I think I've mentioned once or twice the fact that dynamic variables and partial continuations do not play nicely with each other. [1] I haven't, however, formally announced any _implementation_ of same. So without further ado, go take a look at http://ss3.gemstone.com/ss/Control.html which now ships with partial-continuation-friendly delimited dynamic variables!
"Delimited dynamic variables are easy to instantiate:" d := DelimitedDynamicVariable default: 0.

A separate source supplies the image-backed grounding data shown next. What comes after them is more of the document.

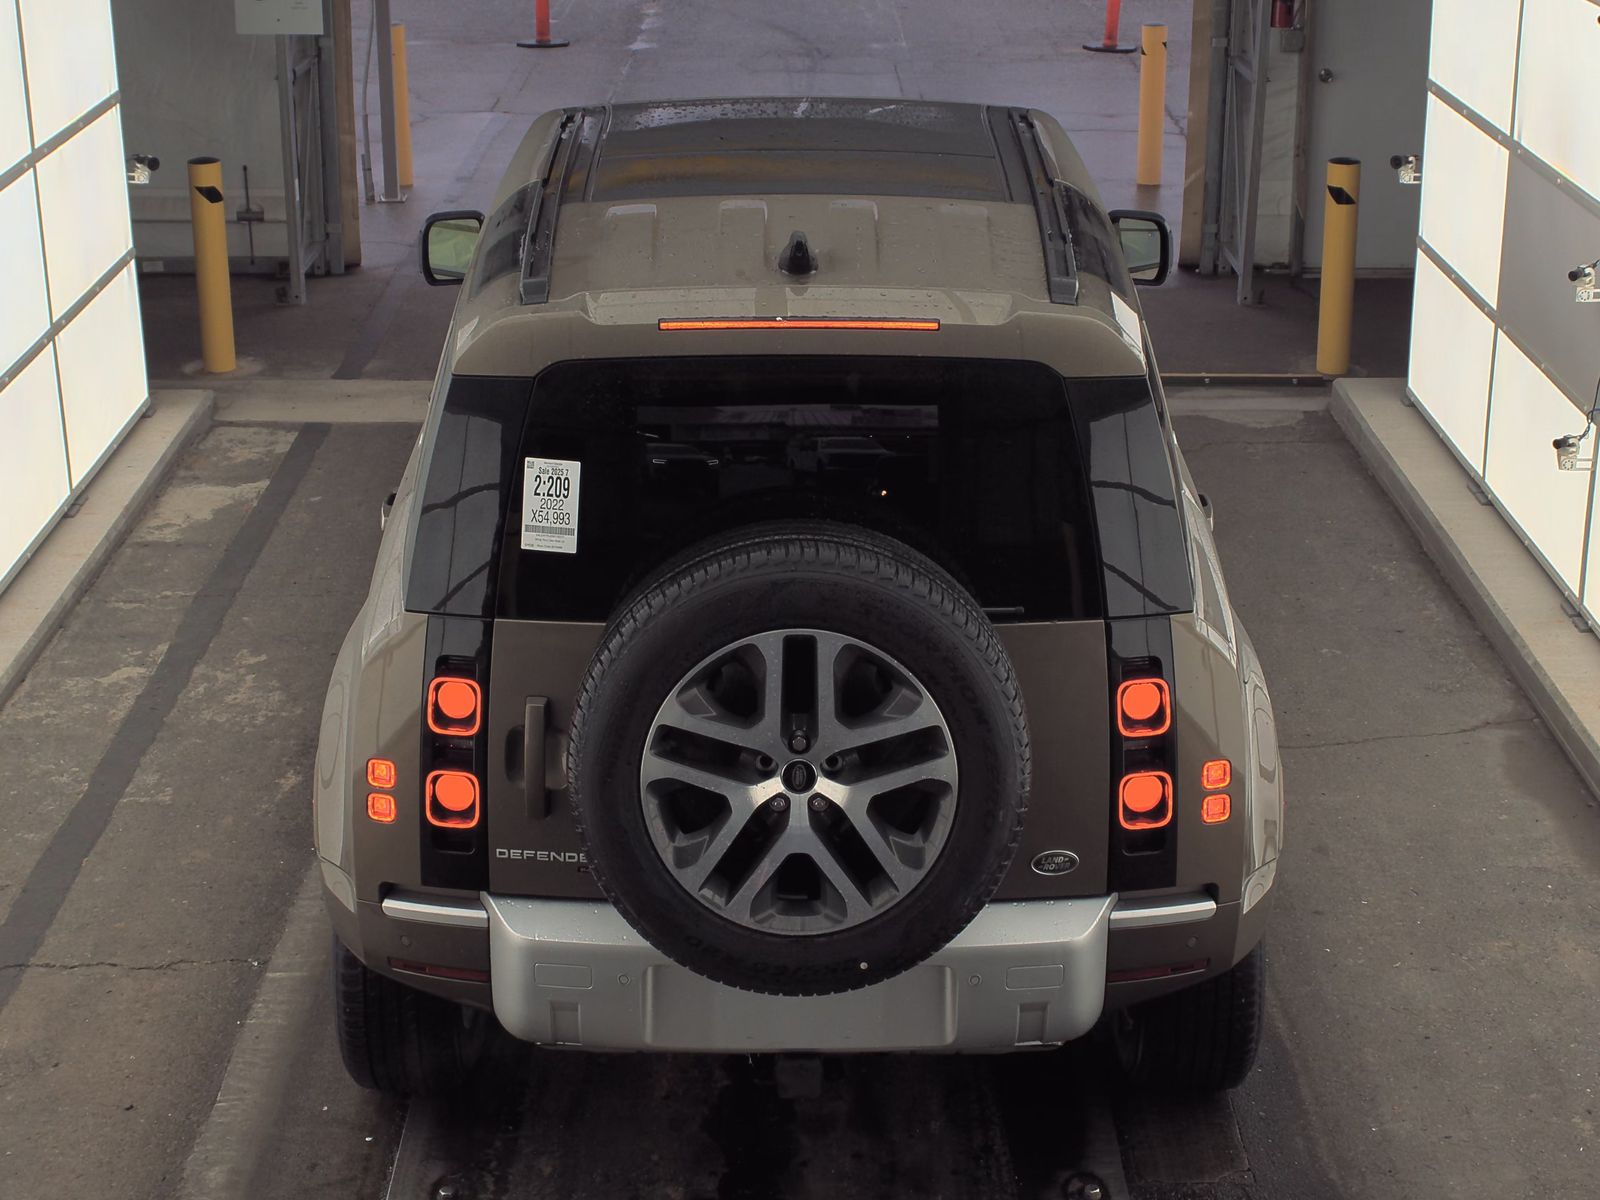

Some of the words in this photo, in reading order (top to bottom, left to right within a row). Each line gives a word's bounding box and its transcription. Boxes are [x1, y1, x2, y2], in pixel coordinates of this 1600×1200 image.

[538, 467, 550, 475] Sale
[551, 468, 564, 476] 2025
[534, 475, 570, 499] 2:209
[540, 498, 564, 511] 2022
[531, 509, 571, 525] X54,993
[496, 848, 588, 863] DEFENDE
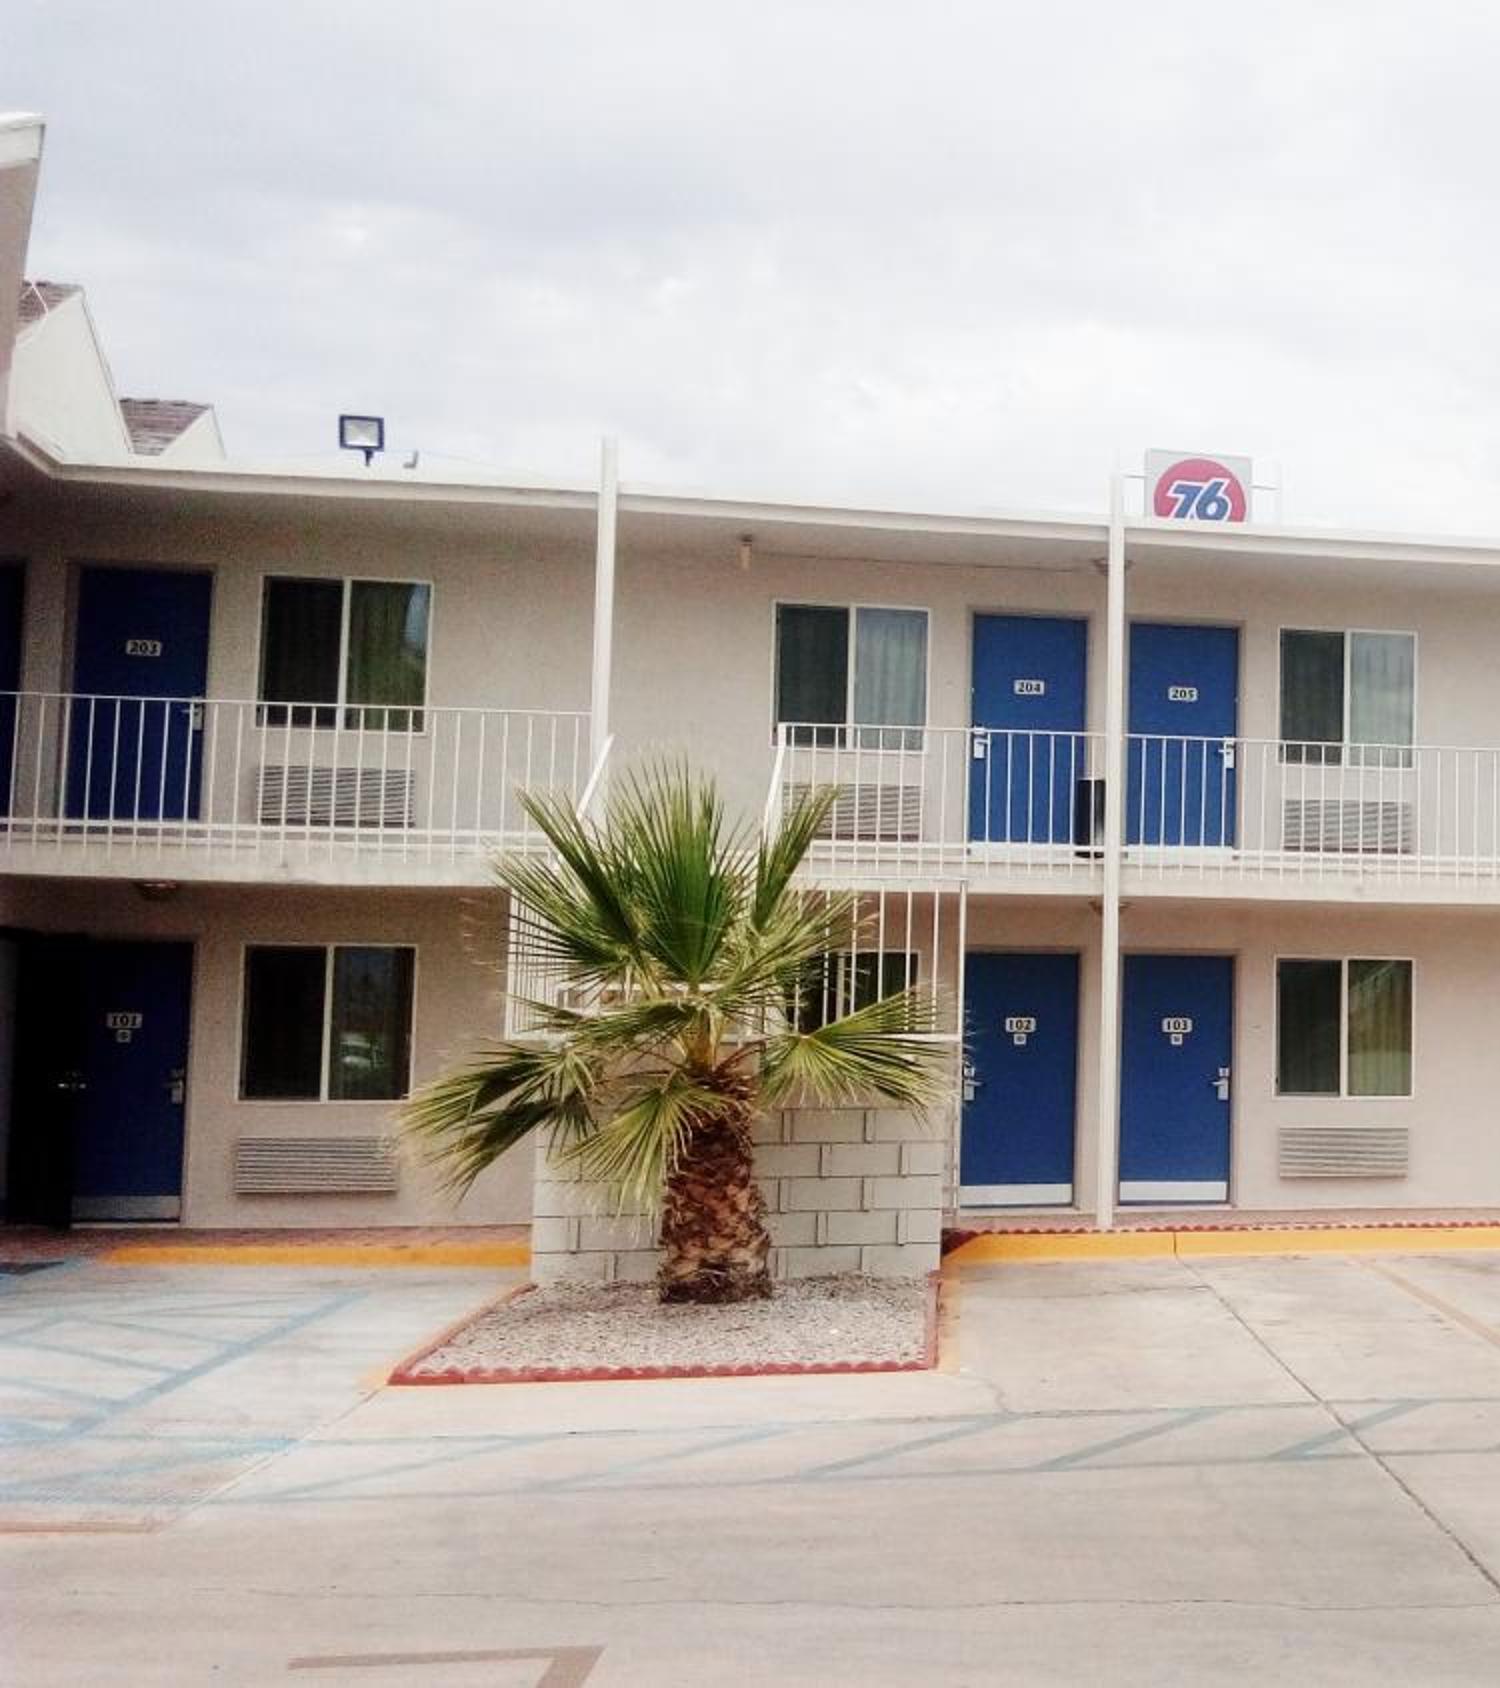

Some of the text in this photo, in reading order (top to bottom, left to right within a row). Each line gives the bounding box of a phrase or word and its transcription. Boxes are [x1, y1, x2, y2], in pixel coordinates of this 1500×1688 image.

[1166, 478, 1232, 520] 76
[131, 641, 158, 655] 203
[1017, 681, 1041, 693] 204
[1172, 687, 1195, 700] 205
[112, 1014, 138, 1027] 101
[1009, 1019, 1032, 1031] 102
[1166, 1019, 1189, 1031] 103

"They don't pollute your namespace unless you explicitly want to:" MyDynamicVariable := d. "<-- often not necessary, but forced on one by DynamicVariable"
"You can reset their root/initial value:" d dset: 1.
"You can query their current value:" d dref. "=> 1"
"You can alter their state within a block:" d dlet: 2 in: [ d dref. "=> "2" ] d dref. "=> 1"
"You can set multiple variables at a time:" p := DelimitedDynamicVariable default: 0. d, p dset: #(10 20). {d dref. p dref.} "=> #(10 20)"
"And, of course, for just one block:" d, p dlet: #(3 4) in: [ {d dref. p dref.} "=> #(3 4)" ]
Why use delimited dynamic variables? You probably already are:
[self someStuff] on: AnExceptionClass do: [:ex | ex resume: 1]
So... why use DelimitedDynamicVariables? You don't have to waste a class name on them. For a variable that's not used outside of a class, that means the use thereof is invisible, as it should be.